Entries taken from a collection
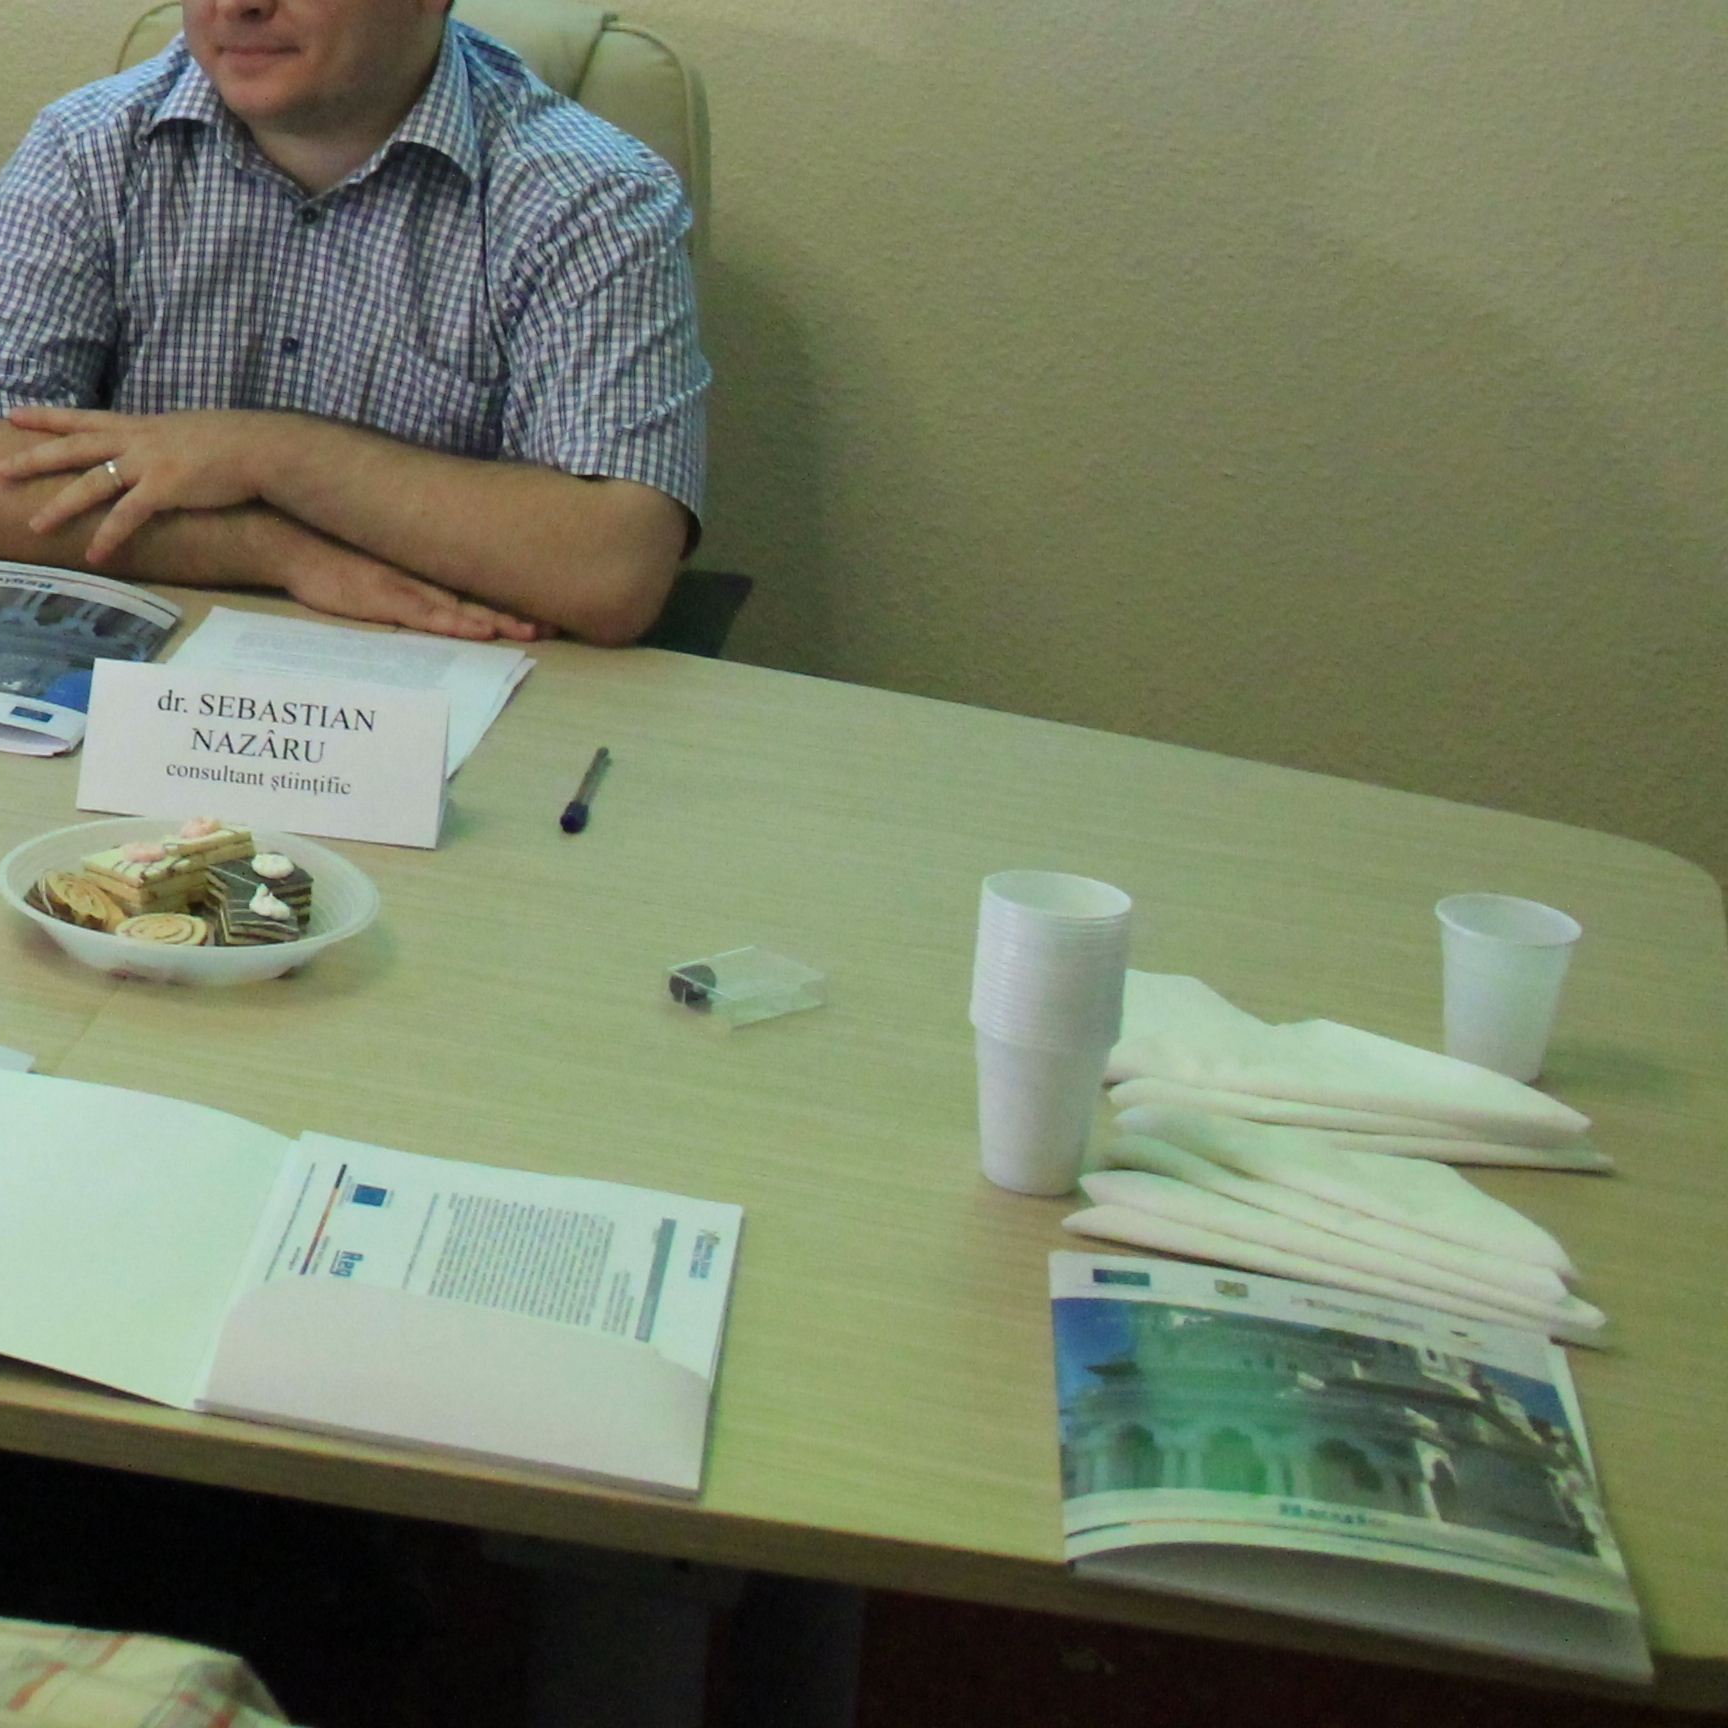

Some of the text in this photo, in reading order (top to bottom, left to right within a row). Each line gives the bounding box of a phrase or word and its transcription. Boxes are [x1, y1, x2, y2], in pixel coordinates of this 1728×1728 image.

[157, 689, 377, 732] dr. SEBASTIAN
[191, 728, 326, 763] NAZÂRU
[166, 763, 352, 797] consultant științific
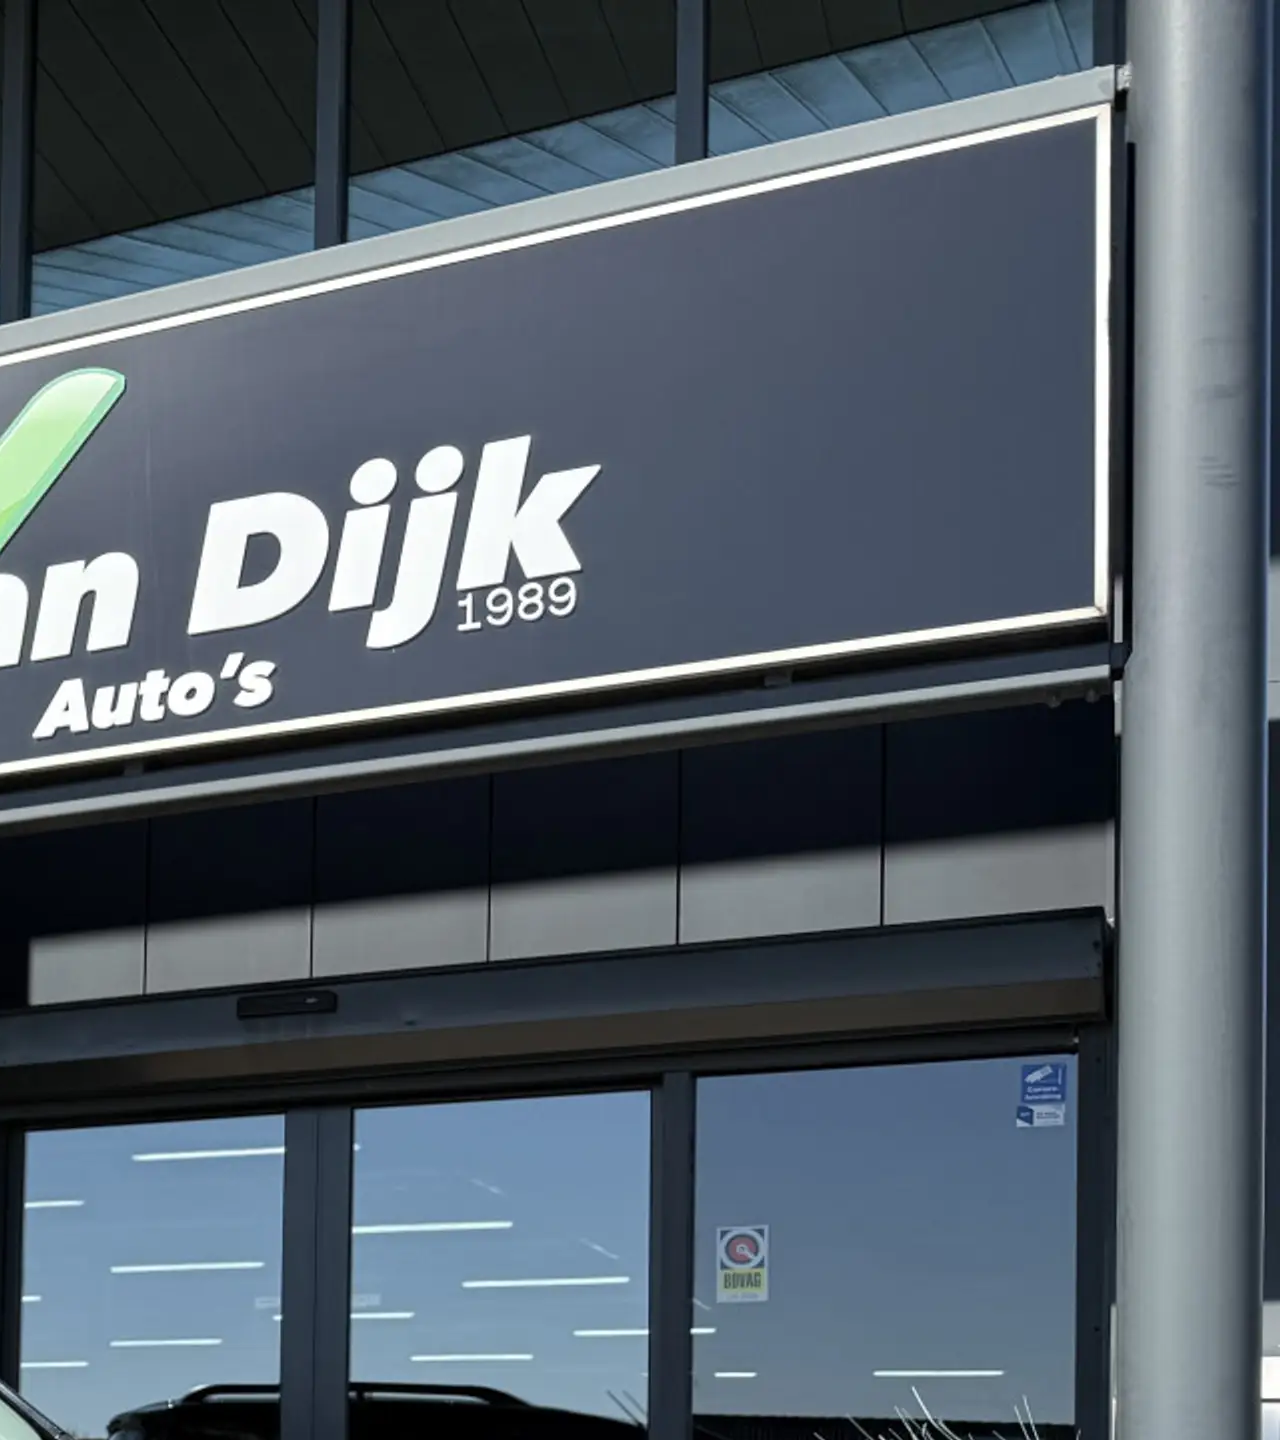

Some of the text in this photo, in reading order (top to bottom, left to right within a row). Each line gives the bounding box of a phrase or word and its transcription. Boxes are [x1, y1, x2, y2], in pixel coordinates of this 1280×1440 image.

[187, 434, 601, 649] Dijk
[454, 575, 578, 633] 1989
[31, 651, 276, 740] Auto's
[724, 1271, 762, 1290] BOVAG

## TASK
Would you please write out the entries in full, exactly as they read, but without pictures?

## EXERCISE OUTPUT
Some of the text in this photo, in reading order (top to bottom, left to right within a row). Each line gives the bounding box of a phrase or word and its transcription. Boxes are [x1, y1, x2, y2], in pixel coordinates of this 1728×1728 image.

[157, 689, 377, 732] dr. SEBASTIAN
[191, 728, 326, 763] NAZÂRU
[166, 763, 352, 797] consultant științific

Some of the text in this photo, in reading order (top to bottom, left to right within a row). Each line gives the bounding box of a phrase or word and its transcription. Boxes are [x1, y1, x2, y2], in pixel coordinates of this 1280×1440 image.

[187, 434, 601, 649] Dijk
[454, 575, 578, 633] 1989
[31, 651, 276, 740] Auto's
[724, 1271, 762, 1290] BOVAG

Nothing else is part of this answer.